Sixth man of the year: Lou Williams, Clippers. (Shouldn't they rename this award after Lou by now? Side note: Did you know that Lou has scored 20 points per - or more - in each of the last two years? Side note on the side note: Lou and Jamal Crawford are going to be heck on wheels in their church league for like the next 20-plus years.)

Coach of the year: Erik Spoelstra, Miami. More times than not the "coach" of the year is just the guy who does more with less or exceeds preseason expectations the most. Spoelstra is in line to do some of both with the Heat adding an Alpha player in Jimmy Butler.

Conference Finals: Lakers over Clippers; 76ers over Celtics.

Champs: Lakers over 76ers, and Dr. J must be a central figure in the series.

World Series starts tonight

Wow, lots happening, right?

And the central question is clear: How does either team get to more than four runs or so?

If one team gets to the other's bullpen more quickly and more consistently, then that's the biggest key I see.

Know this: For the first time ever, five of the top 10 pitchers in terms of strikeouts are in a World Series.

And now know this: At their current career pace, you are looking at four Hall of Famers and maybe five if Stephen Strasburg can stay healthy.

Chew on that.

Now, let's just hope that the 2-1 games still don't take 3 hours and 35 minutes.

This and that

- The top-ranked recruit in Auburn's top-10 recruiting class recommitted. Linebacker Trenton Simpson from Charlotte announced his decision to re-open his recruiting Monday night.

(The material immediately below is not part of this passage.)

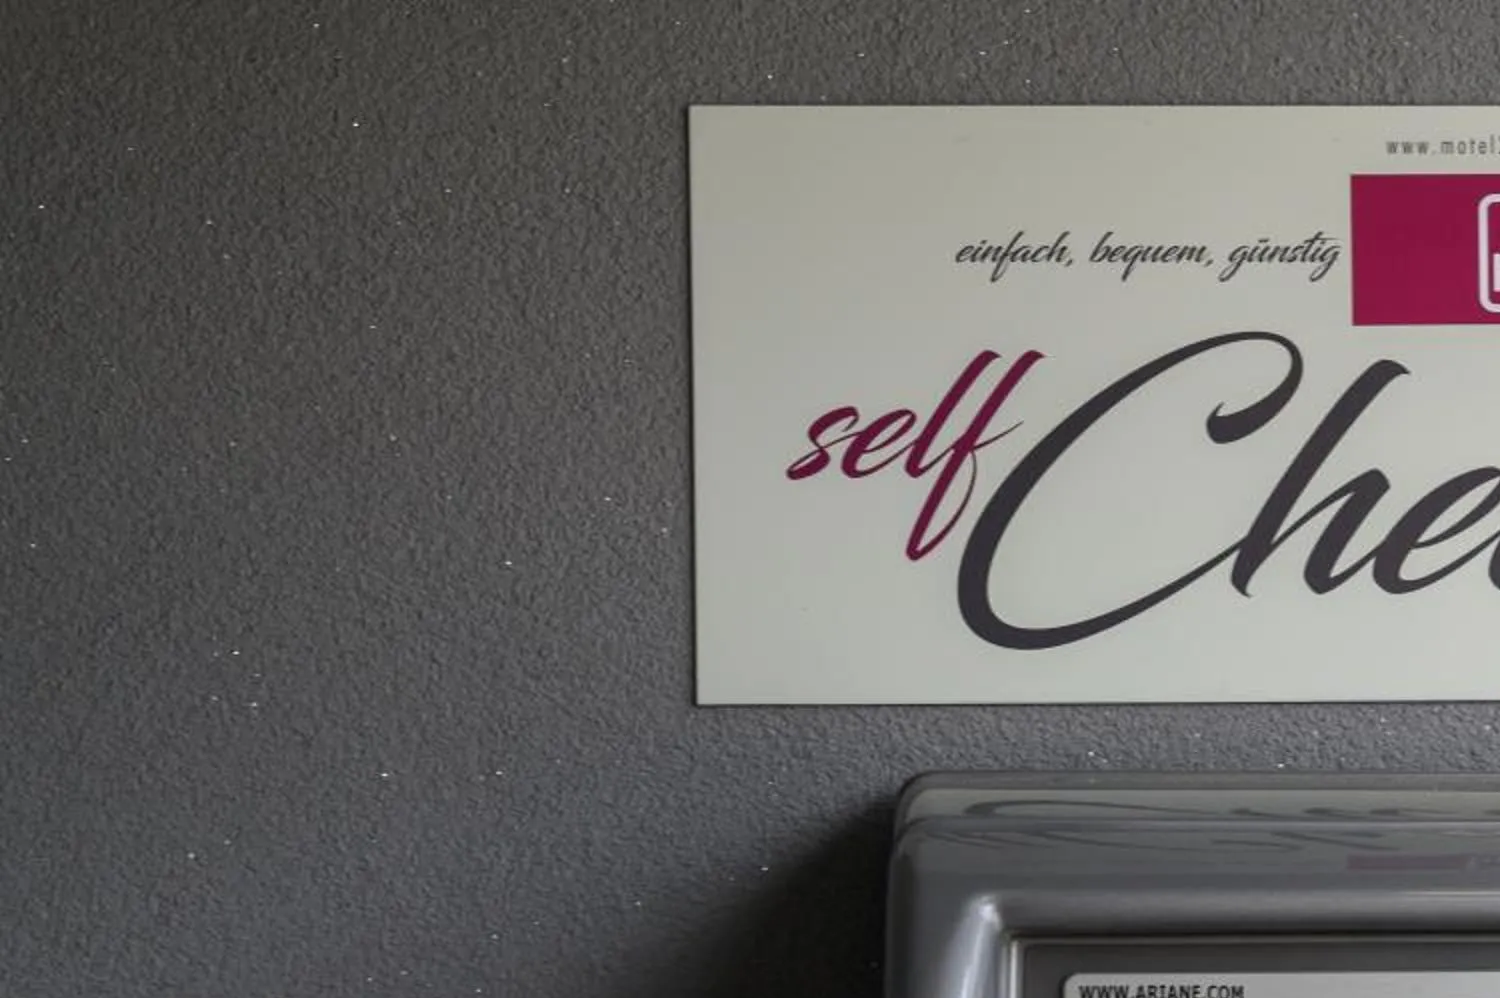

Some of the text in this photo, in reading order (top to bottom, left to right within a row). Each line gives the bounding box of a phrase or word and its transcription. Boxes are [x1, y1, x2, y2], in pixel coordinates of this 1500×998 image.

[954, 230, 1342, 284] einfach, bequem, günstig
[786, 350, 1046, 560] self

- A St. Louis high school has cancelled its football season. A star running back who was suspended for the season opener after getting ejected in last year's state championship game played in that game with a different jersey and different name. The coach and the player lied about the player participating. The team was 7-0 before the school leadership canceled the rest of the season and fired every coach on the team. Wow.

- Mike Leach wants football veils to protect a coach's words in a country filled with lip readers. I want Mike to never change.

- TFP ace sports columnist Mark Wiedmer wisely delivers the message that we can all support. It's time for Dan Quinn to go.

- They are auctioning off a monster car collection that includes a '78 Trans Am that Burt Reynolds owned. Yes, it looks like the ride he drove in Smokey and the Bandit.

Today's question

True or false. It's Tuesday.

True or false, you'd take L.A. (Lakers and Clippers) against the field to win the NBA title.

True or false, the Falcons should embrace the tank.

True or false, Astros in six. (If false, whatcha got?)

As for today, it's Oct. 22.

Pretty Boy Floyd died on this day.

Rushmore of best criminal nicknames. Go.